Estoy leyendo un libro de Elvira Lindo, Noches sin dormir, y, en uno de los apartados de esta suerte de diario que documenta el invierno en Nueva York, la escritora habla de su afición por tomar fotografías de desconocidos sin que se percaten, y supongo que me sentí un poco ella al robarle esta imagen a la chica japonesa que batallaba con el palo de selfie para obtener su mejor pose.

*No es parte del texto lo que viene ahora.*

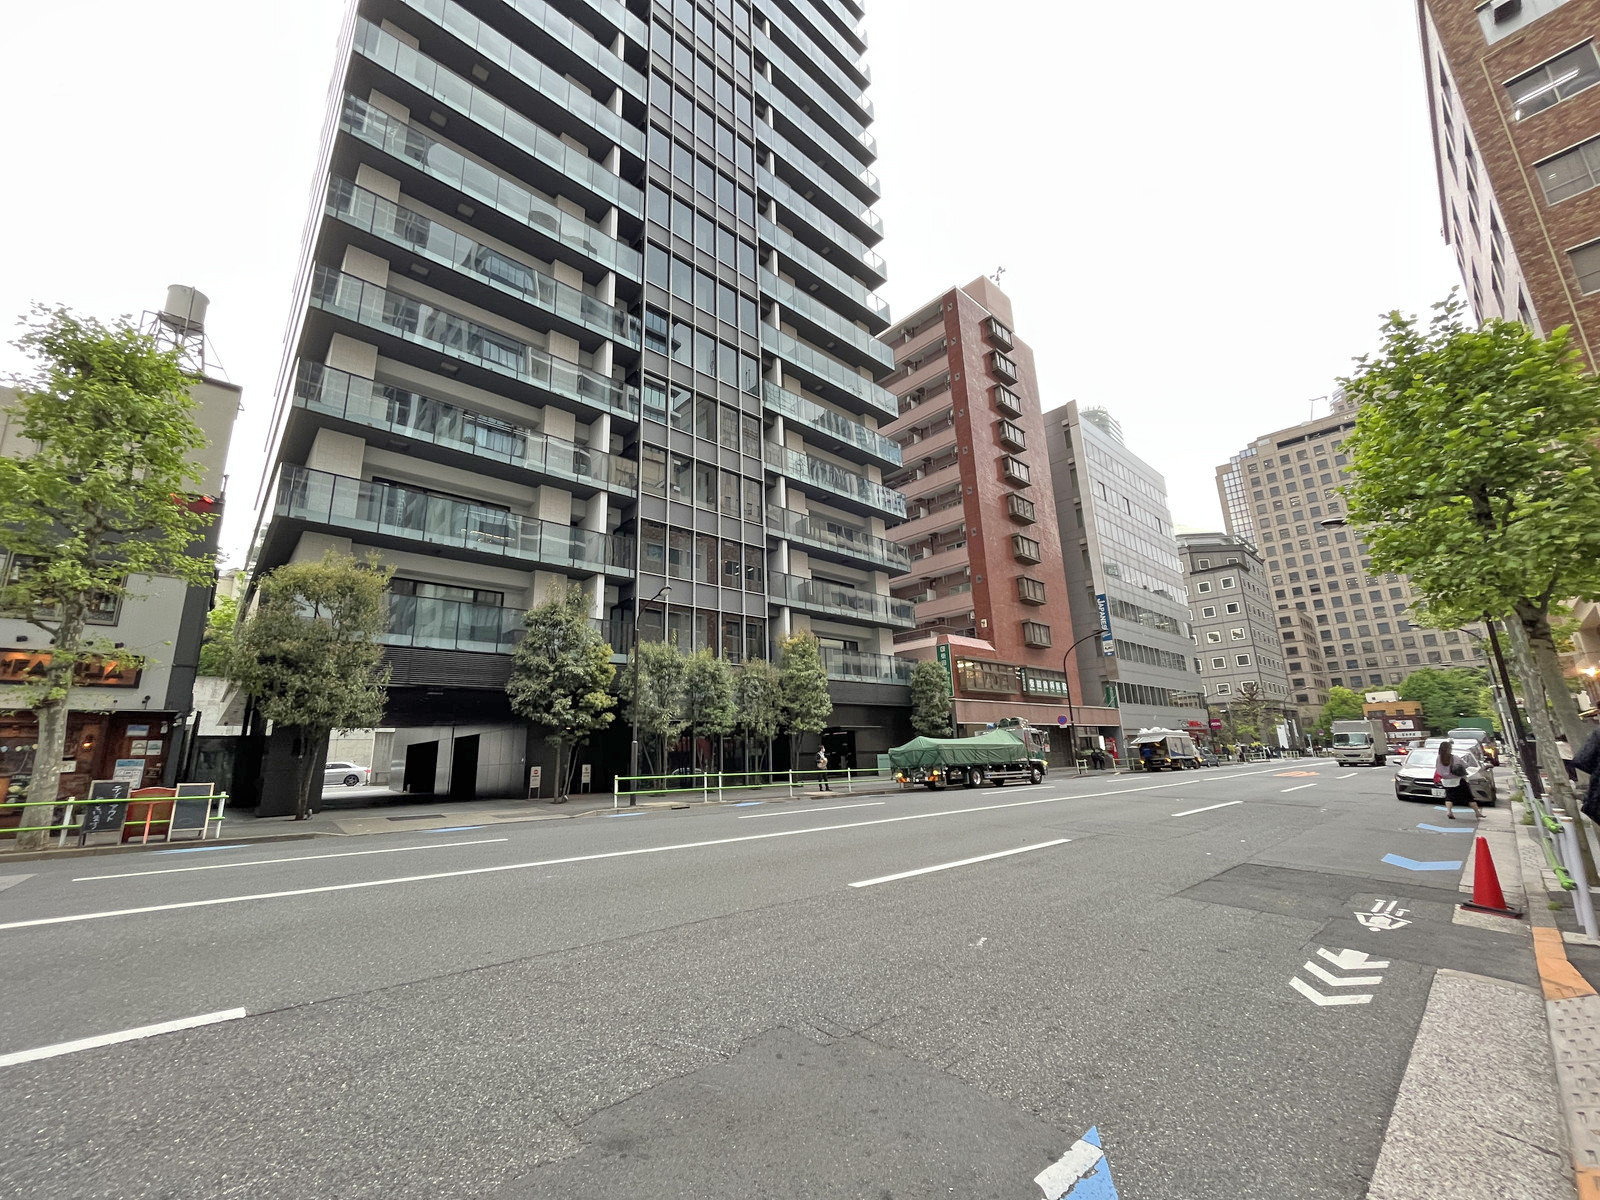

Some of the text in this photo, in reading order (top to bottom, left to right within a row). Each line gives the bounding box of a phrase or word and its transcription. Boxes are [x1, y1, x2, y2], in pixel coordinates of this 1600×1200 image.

[1096, 598, 1110, 635] JAPANES
[106, 785, 123, 823] テイアウト

Lindo dice que la gente le pregunta cómo consigue retratar a los personajes tan cerca sin que se den cuenta, y explica que le gusta capturar un instante de actividad diaria en la vida de cualquiera interpretándose con naturalidad a sí mismos, ignorantes de la mirada ajena que los observa. La escritora, ya una señora, que se sienta en el metro, la mujer bien vestida, que huele a perfume, que sonríe, que observa a su alrededor, fija la mirada distraídamente en un personaje, saca el celular y mira la pantalla con ojos de miope, muy concentrada, con el gesto de quien no ve bien un mensaje que le acaba de mandar su hijo. La señora, que en absoluto tiene aspecto de ir robando un raro momento de intimidad o introspección callejera del hombre o la mujer que tiene sentados en el asiento de enfrente, toma la foto, guarda luego el móvil, se pinta los labios y sonríe con la misma dulzura inocente de las ancianitas de «Arsénico por compasión».
Pues bien, eso he hecho yo, aunque no he sacado el móvil sino una réflex de dimensiones considerables con la que también disimulo mis disparos haciendo como que miro a un punto lejano que pretendo capturar. Hasta ahora siempre me ha funcionado.